A one-line example of the tone that works:
“Because my 2024 tax return no longer reflects our income, I’m requesting a Professional Judgment review based on our projected 2026 income of $[amount], documented in the attached materials.”
If you’d rather not start from a blank page, our done-for-you templates handle the wording for you.
The number that matters: your current income
The figure that moves a job-loss appeal is a credible projection of your current-year income — not last year’s. Total what the household realistically expects to earn in 2026: any wages to date, unemployment benefits, severance, and a parent’s new job if there is one. Showing that number clearly, with documents that back it up, does more for your case than pages of explanation.
Where and when to submit — and how to follow up
Send your request to each school’s financial aid office (many publish a “special circumstances” or “income appeal” form on their site — use it if it exists). Then:
- Submit as early as possible. Aid is often awarded from limited pools, so earlier requests can have more room to work with.
- Confirm receipt, and note who you spoke with.
- Follow up in about two weeks if you haven’t heard back. Most stalled appeals weren’t denied — they got buried.
What to realistically expect
Be honest with yourself about outcomes. Professional Judgment decisions are made individually by each college and vary widely. Many well-documented job-loss requests result in some increase in aid; adjustments commonly land in the low thousands of dollars per year, though the range is broad and depends entirely on the school and your situation. A full reduction of your SAI to zero is rare and reserved for the most severe losses.

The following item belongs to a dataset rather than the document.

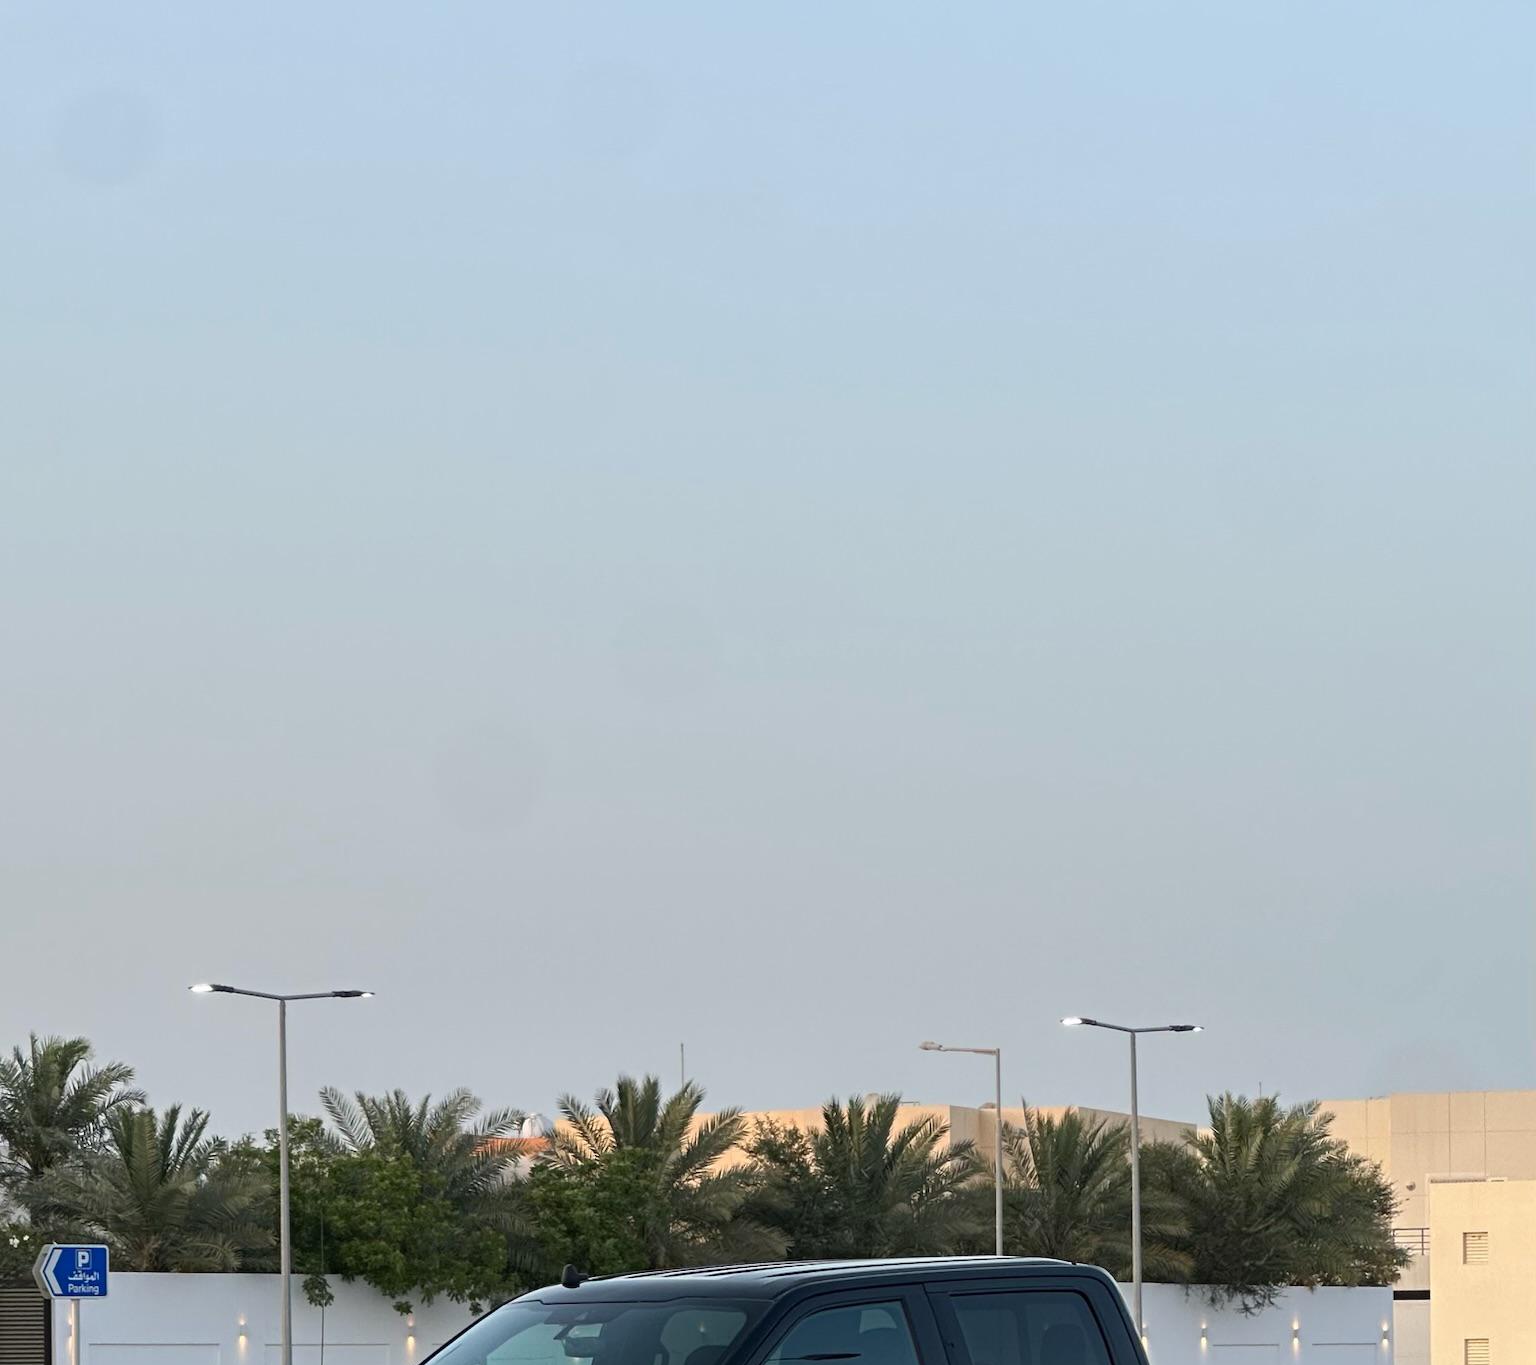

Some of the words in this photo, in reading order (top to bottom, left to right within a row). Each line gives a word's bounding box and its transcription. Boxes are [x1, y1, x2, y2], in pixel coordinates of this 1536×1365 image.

[77, 1251, 90, 1267] P
[68, 1270, 99, 1283] المواقف
[68, 1284, 99, 1295] Parking

What you can control is the strength and clarity of your case. A complete, well-documented, plainly-written request, submitted early and followed up politely, is the version most likely to succeed. The decision is the school’s; the submission is yours.
This guide is informational and is not legal or financial advice. Professional Judgment decisions are made by individual college financial aid offices and outcomes vary.